### Data to use
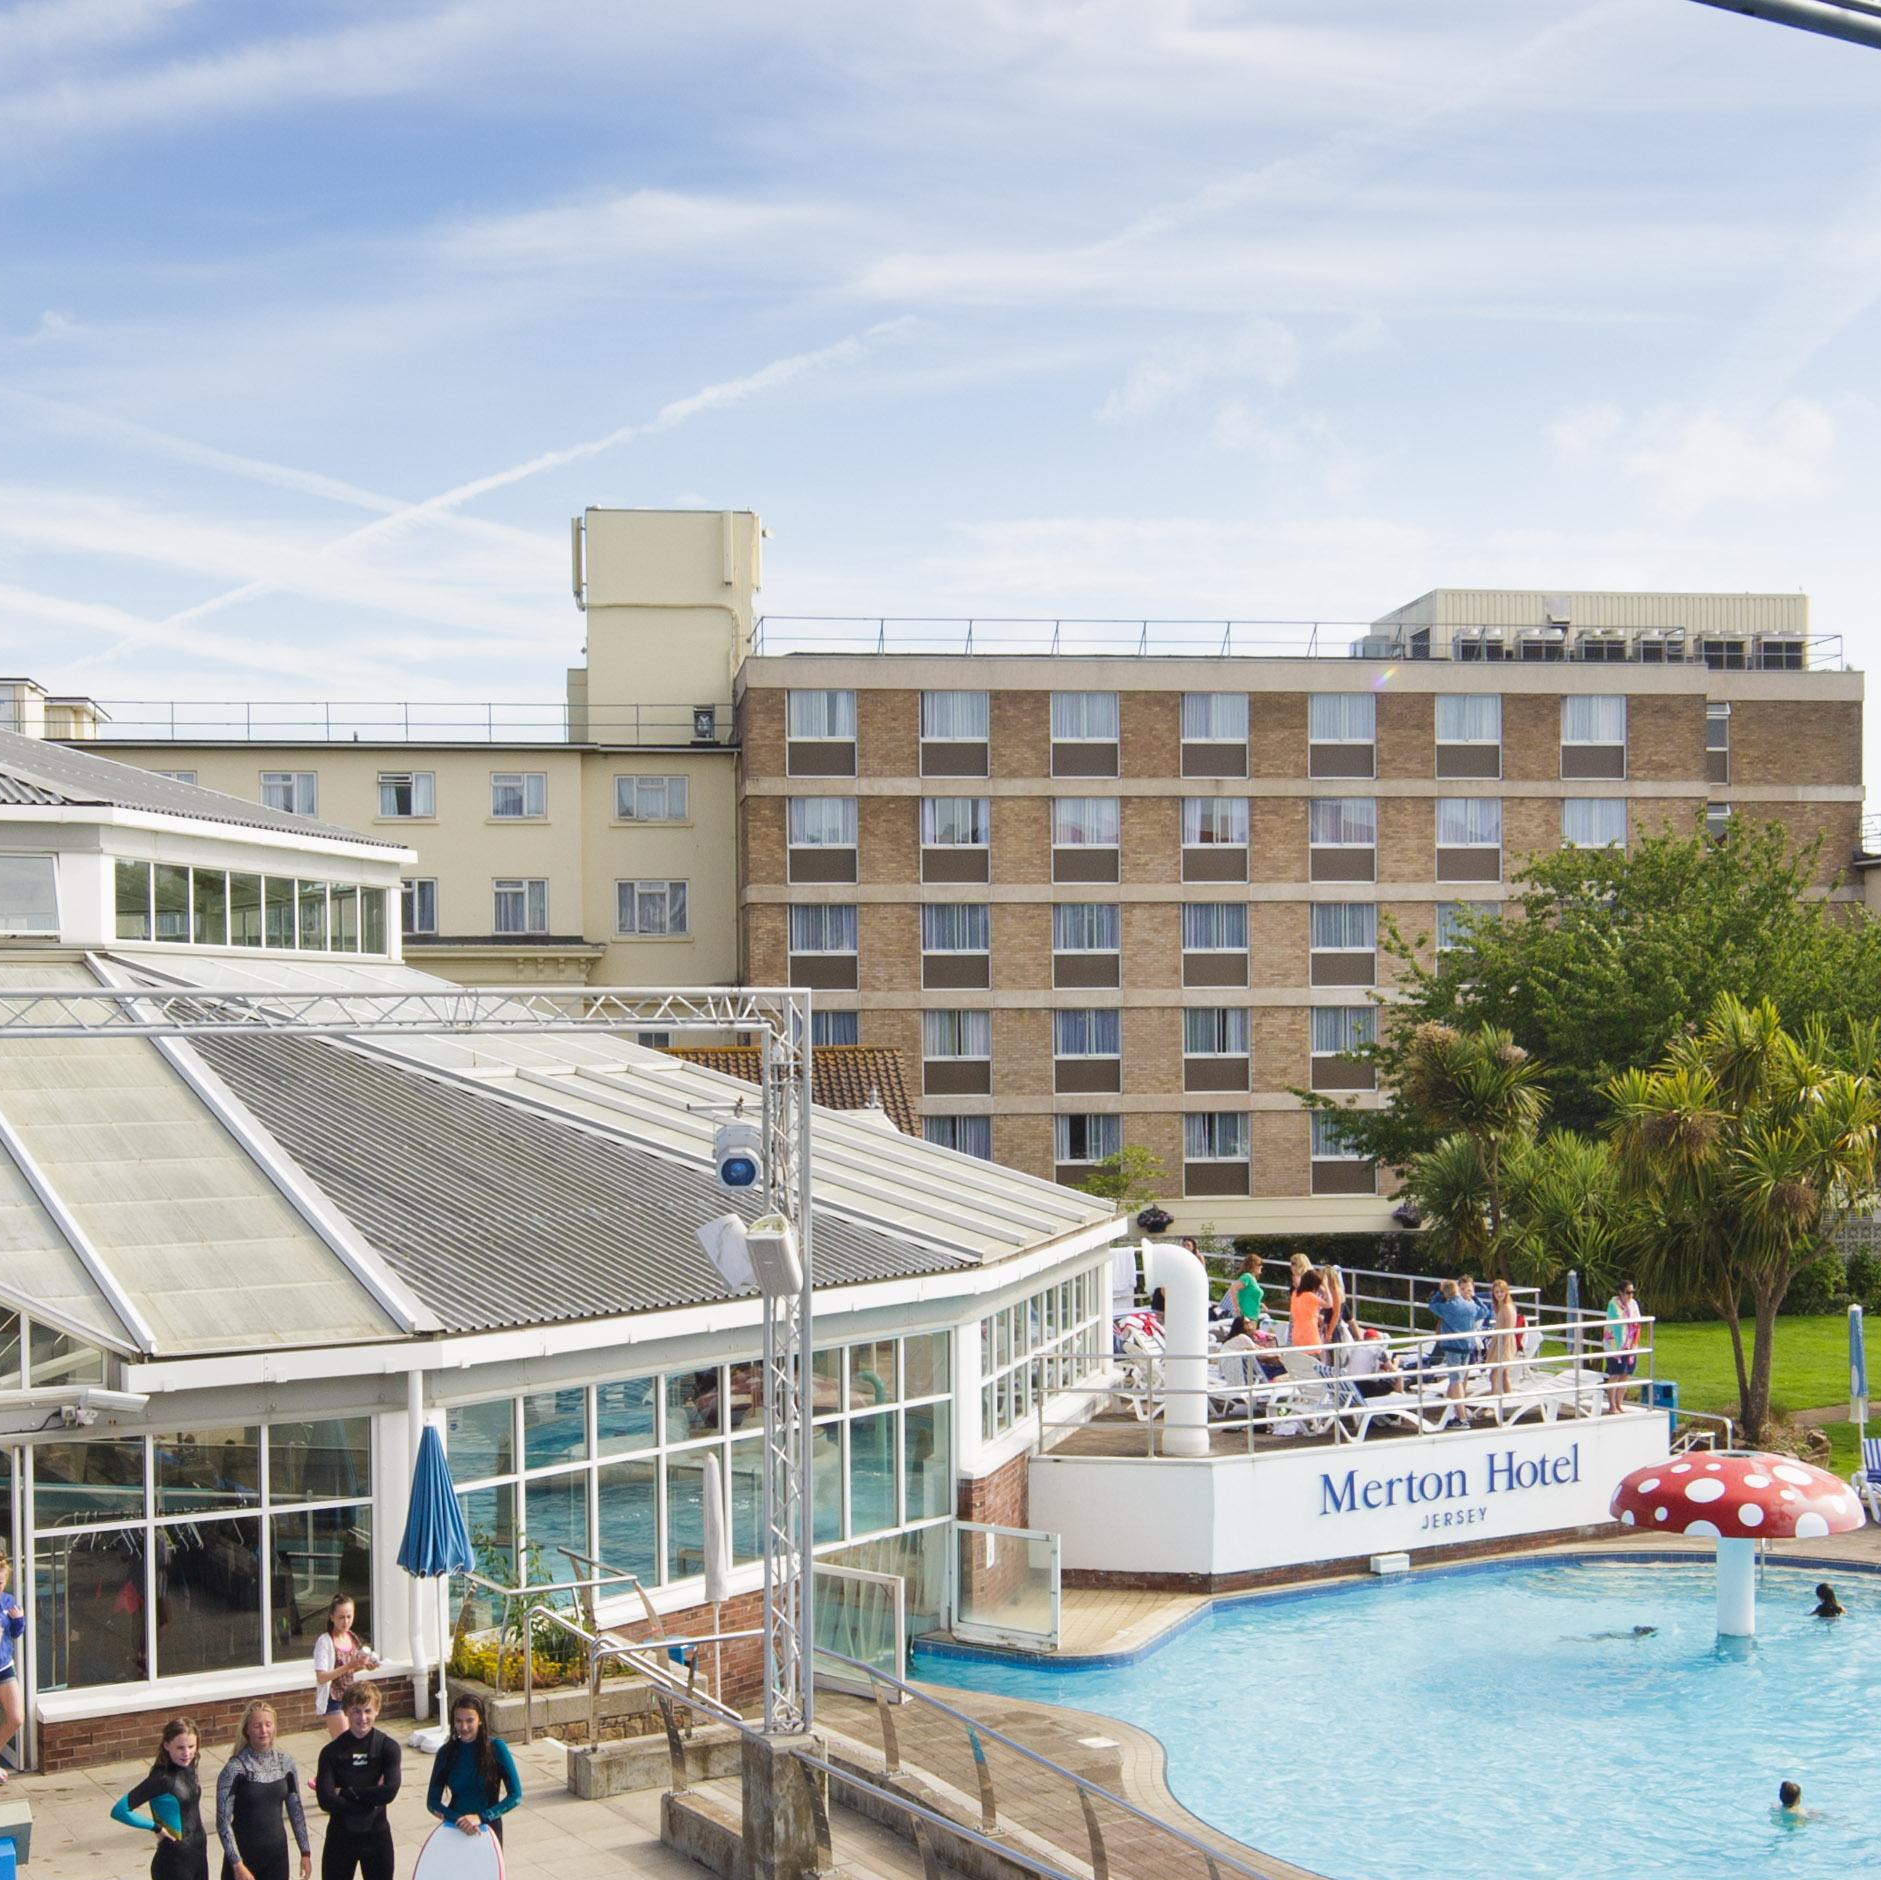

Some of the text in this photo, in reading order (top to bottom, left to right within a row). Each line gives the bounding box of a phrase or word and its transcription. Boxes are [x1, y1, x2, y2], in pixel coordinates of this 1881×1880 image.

[1319, 1442, 1582, 1516] Merton Hotel
[1421, 1507, 1488, 1530] JERSEY
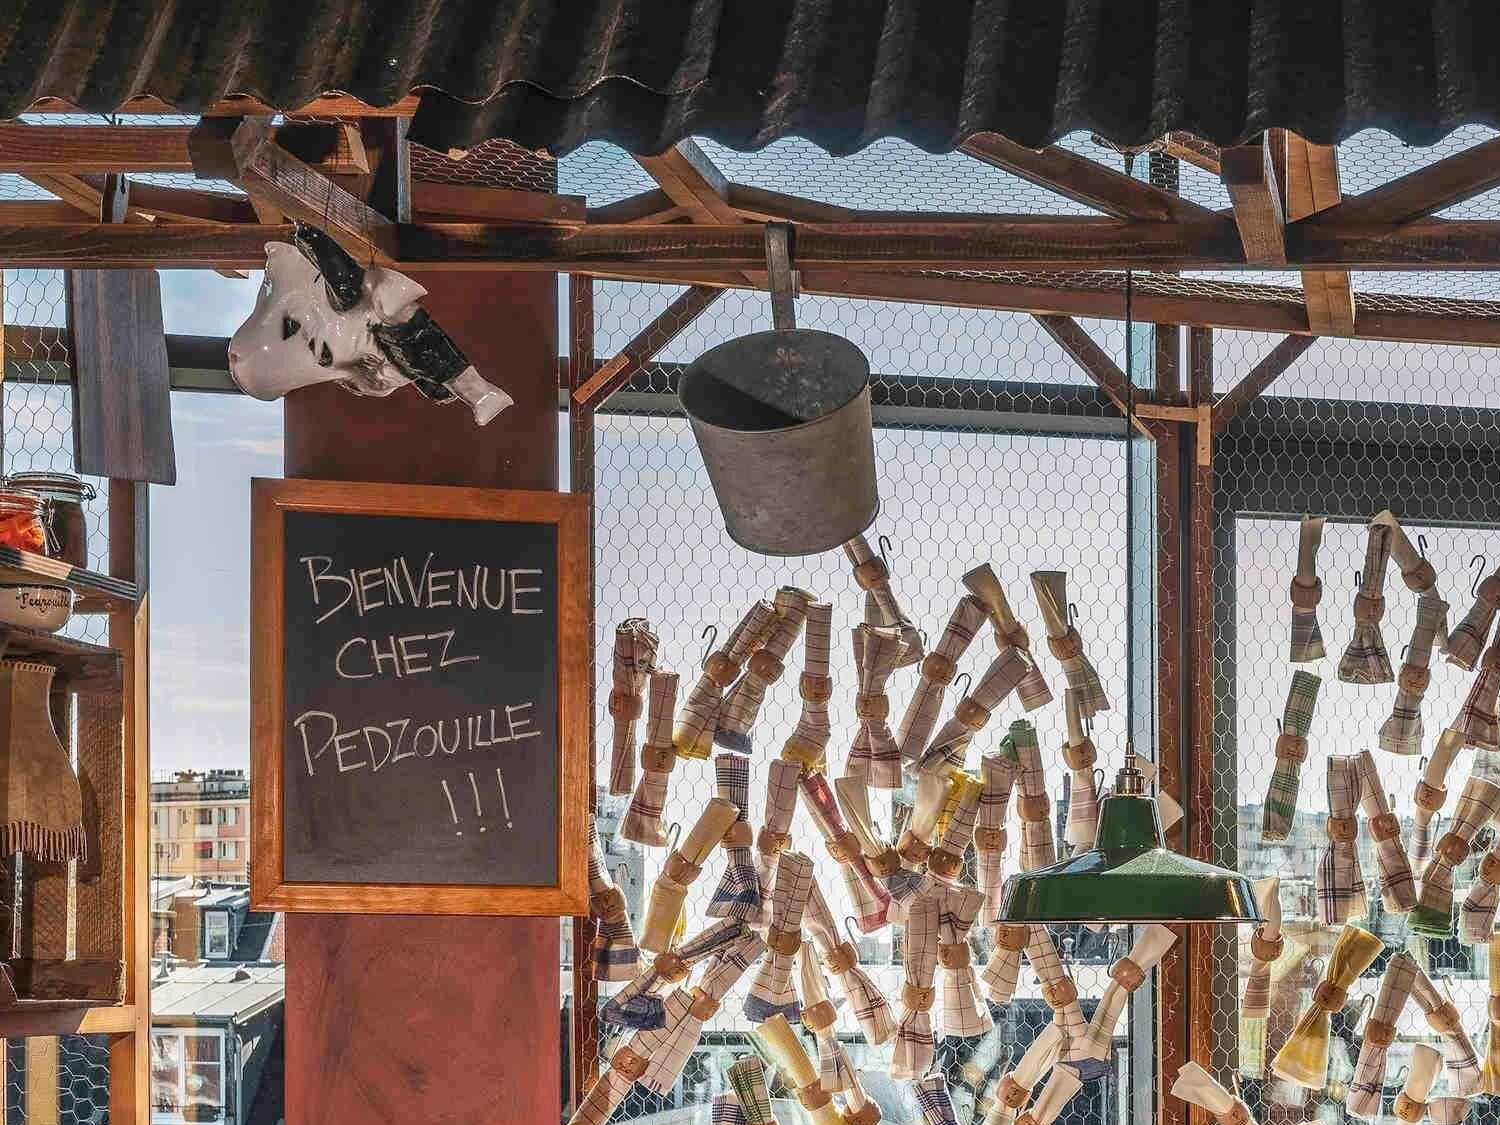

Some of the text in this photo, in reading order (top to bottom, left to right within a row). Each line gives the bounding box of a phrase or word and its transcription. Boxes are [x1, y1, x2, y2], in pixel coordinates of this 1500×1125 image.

[300, 552, 544, 624] BIENVENUE
[335, 630, 480, 679] CHEZ
[294, 702, 541, 777] PEDZOUILLE

### Exercise
Having found the line that contains "this 1500×1125 image.", set down that line and all the rest through the end of the records, exactly.

### Solution
Some of the text in this photo, in reading order (top to bottom, left to right within a row). Each line gives the bounding box of a phrase or word and its transcription. Boxes are [x1, y1, x2, y2], in pixel coordinates of this 1500×1125 image.

[300, 552, 544, 624] BIENVENUE
[335, 630, 480, 679] CHEZ
[294, 702, 541, 777] PEDZOUILLE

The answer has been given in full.